Restate the listing that follows word for word, without its pictures.

Study material »

┏━━

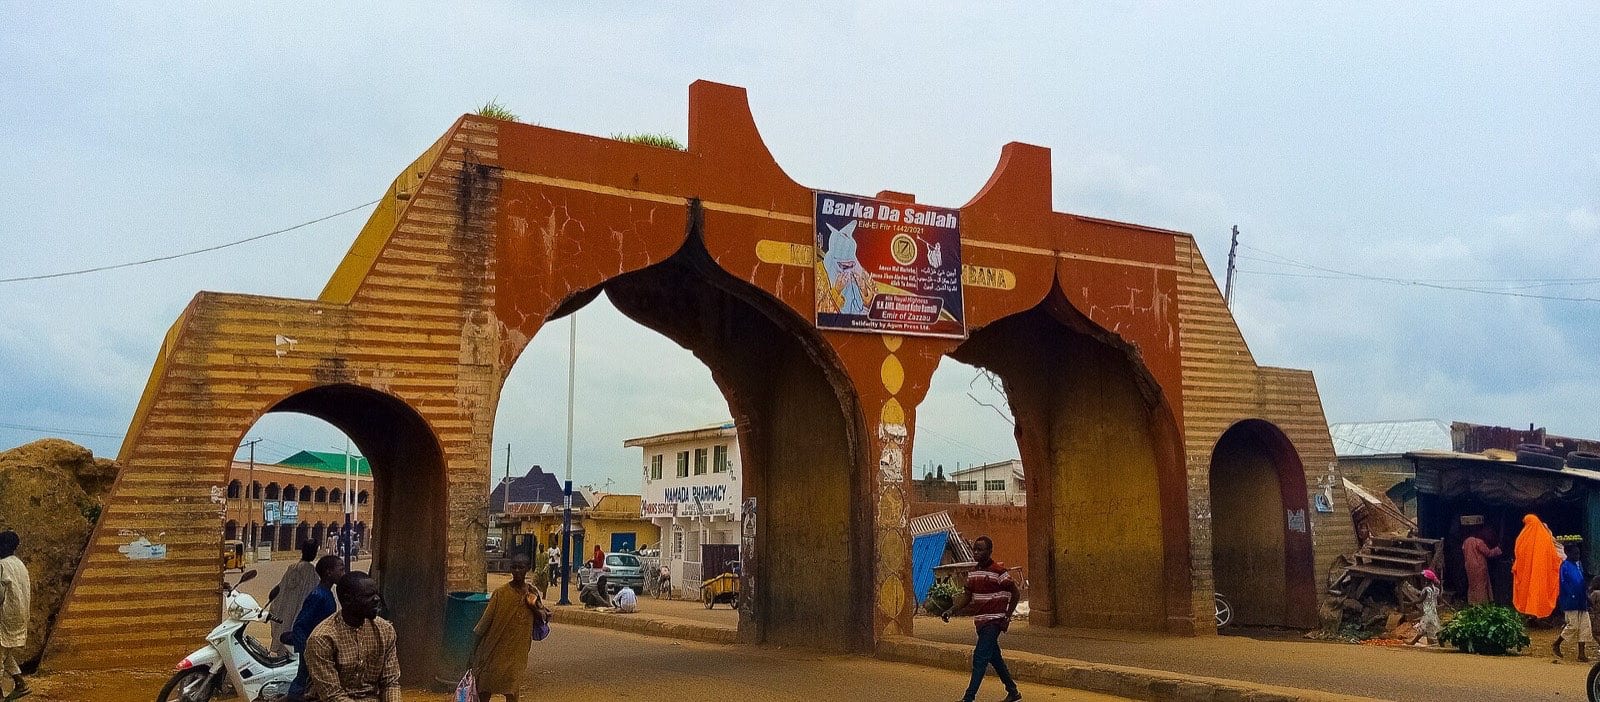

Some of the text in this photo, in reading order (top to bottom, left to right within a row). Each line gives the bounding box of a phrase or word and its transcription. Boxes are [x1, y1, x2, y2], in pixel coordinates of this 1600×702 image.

[822, 199, 957, 229] Barka Da Sallah
[858, 221, 879, 229] Eid-El
[893, 224, 924, 234] 1442/2021
[895, 303, 910, 311] Ahmed
[882, 311, 897, 319] Emir
[899, 312, 906, 320] of
[851, 320, 879, 328] Solidarity
[664, 485, 727, 503] NAMADA PHARMACY
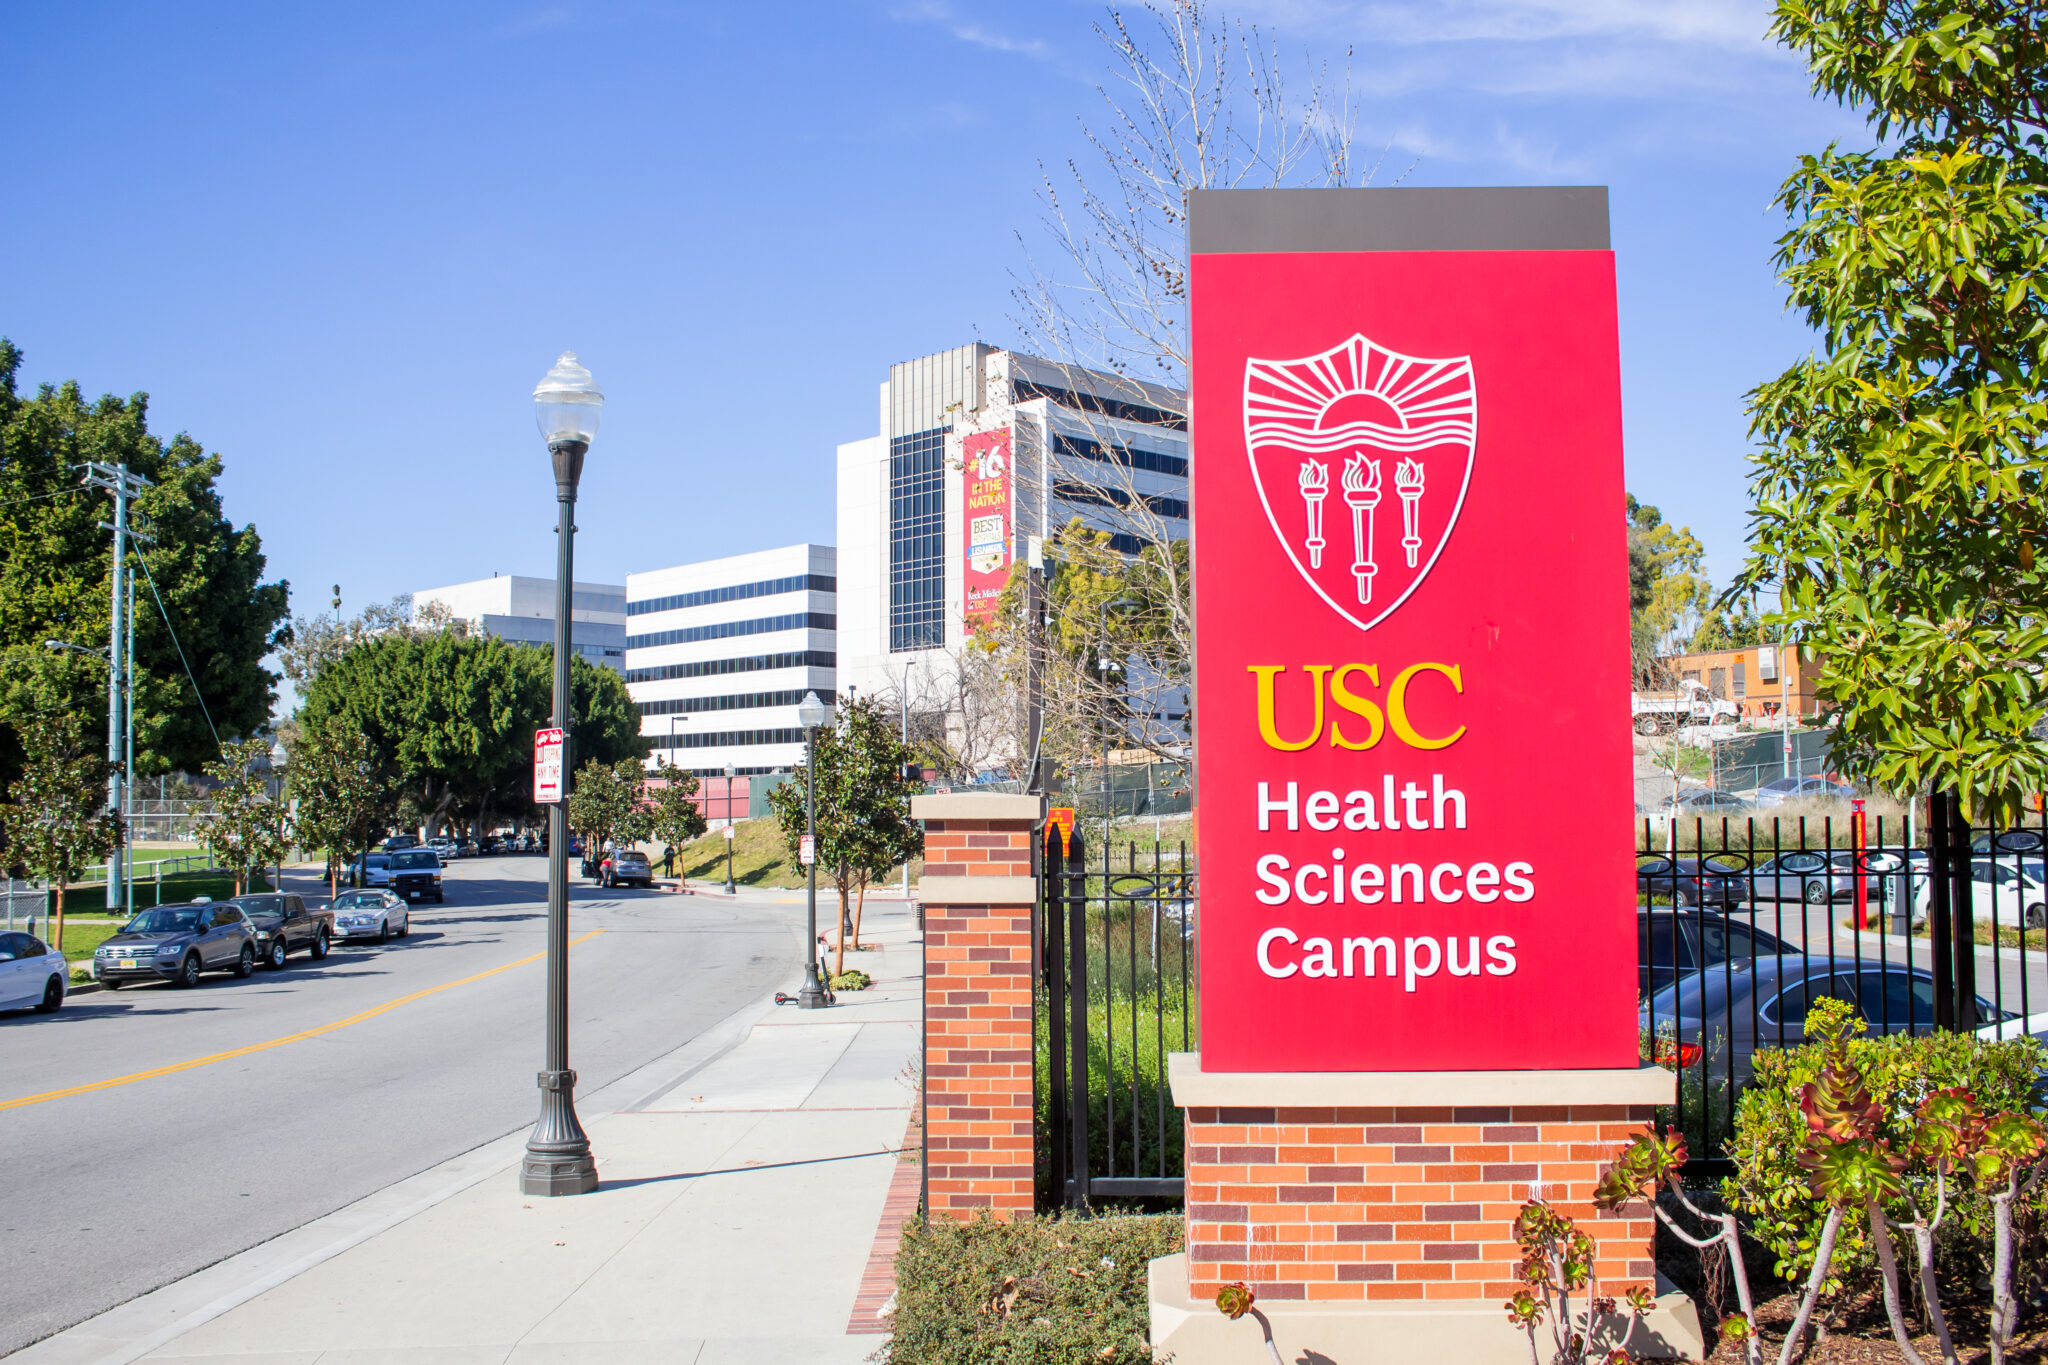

┗━━

Response to the task »
Some of the text in this photo, in reading order (top to bottom, left to right within a row). Each line gives the bounding box of a phrase or word and its transcription. Boxes are [x1, y1, x2, y2], in pixel coordinates of this 1600×702 image.

[822, 199, 957, 229] Barka Da Sallah
[858, 221, 879, 229] Eid-El
[893, 224, 924, 234] 1442/2021
[895, 303, 910, 311] Ahmed
[882, 311, 897, 319] Emir
[899, 312, 906, 320] of
[851, 320, 879, 328] Solidarity
[664, 485, 727, 503] NAMADA PHARMACY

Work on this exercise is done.